That I wouldn't know; I haven't seen MegaPOV or its source. For all I
know it might be based on my patch--if you have the source, my name
should be plastered all over f_func.c and several related files if it's
based on my code.

> > I think I'll just go ahead and add an unclipped noise function to the
> > code; I may as well at this point. I just need something to call it
> > other than noise3d(), and I'll need to rewrite the interval function to
> > compensate for the fact that this can reach values beyond the 0-1 limit.
> 
> Could you add 4D noise while you are at it? :-)
> I think this might be useful for some things, maybe for fire.

Funny, but I was thinking along the exact same lines earlier when I was
modifying the code.
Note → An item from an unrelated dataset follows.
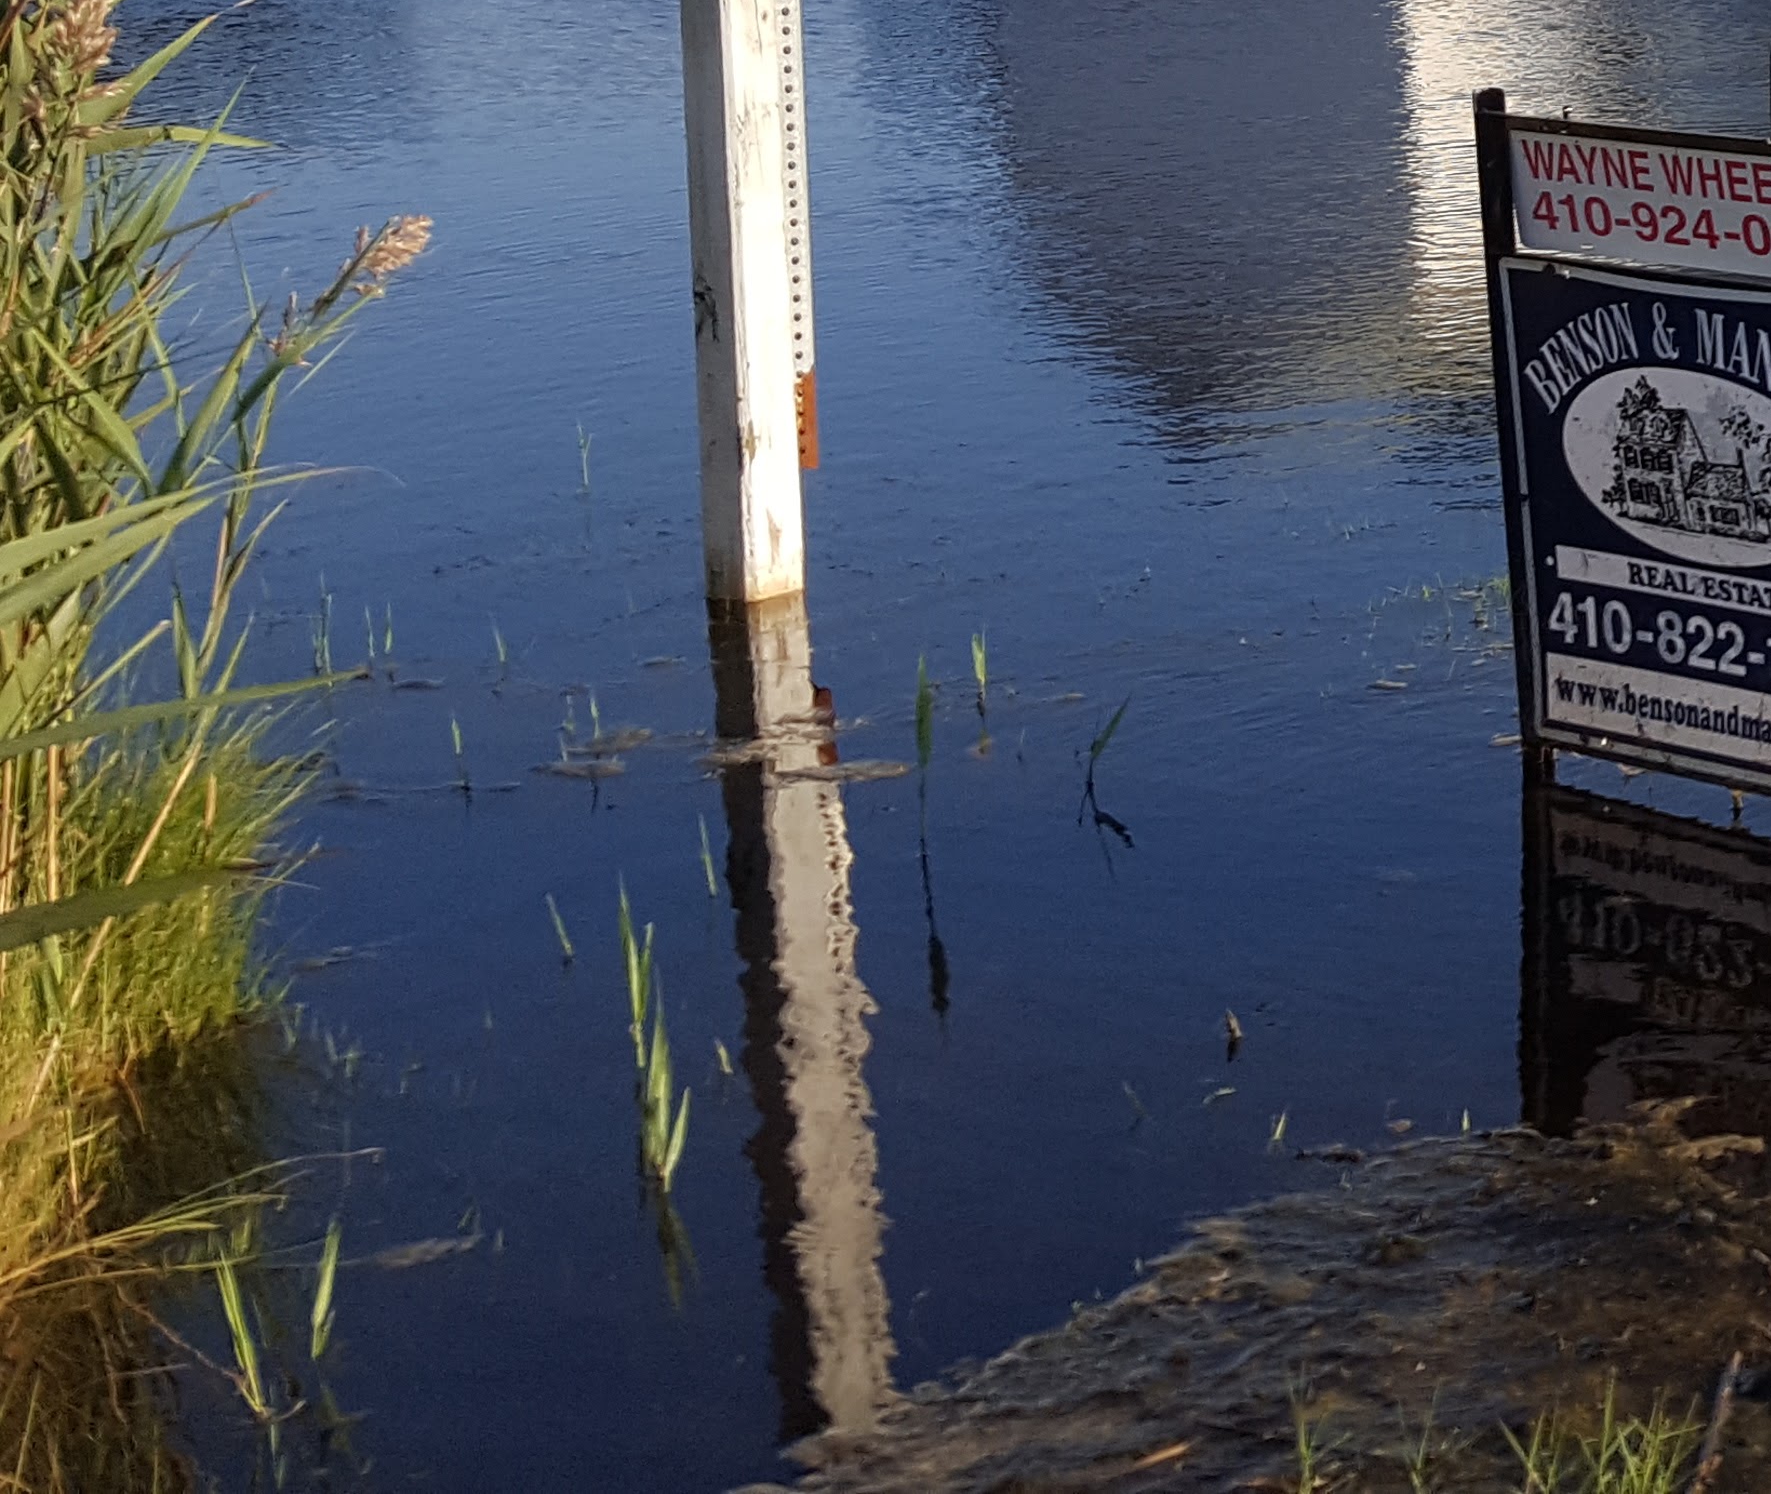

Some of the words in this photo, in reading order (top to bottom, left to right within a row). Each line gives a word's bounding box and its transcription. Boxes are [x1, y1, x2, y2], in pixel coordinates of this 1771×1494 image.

It occurred to me that it would be nice to have an
N-dimensional noise function. Many a time I've wanted to have 4D noise
for clouds and such. If I understand the Noise() code well enough,
basically all you'd have to do would be to recurse the sucker. This
could extend noise to as many dimensions as you'd want, if it was done
right. (Of course, some preprocessing would help to prevent a lot of
useless recalculations, since speed is always a factor.)
I really don't know how this could be included in the function code
without greatly modifying it, since the code wasn't intended to go past
3 arguments per function. (The so-called 4-argument functions are
actually just a declared function number plus 3 more arguments.) I've
always wanted to see if that could be arbitrarily extended; the
challenge is definitely intriguing enough for me to take it up sometime.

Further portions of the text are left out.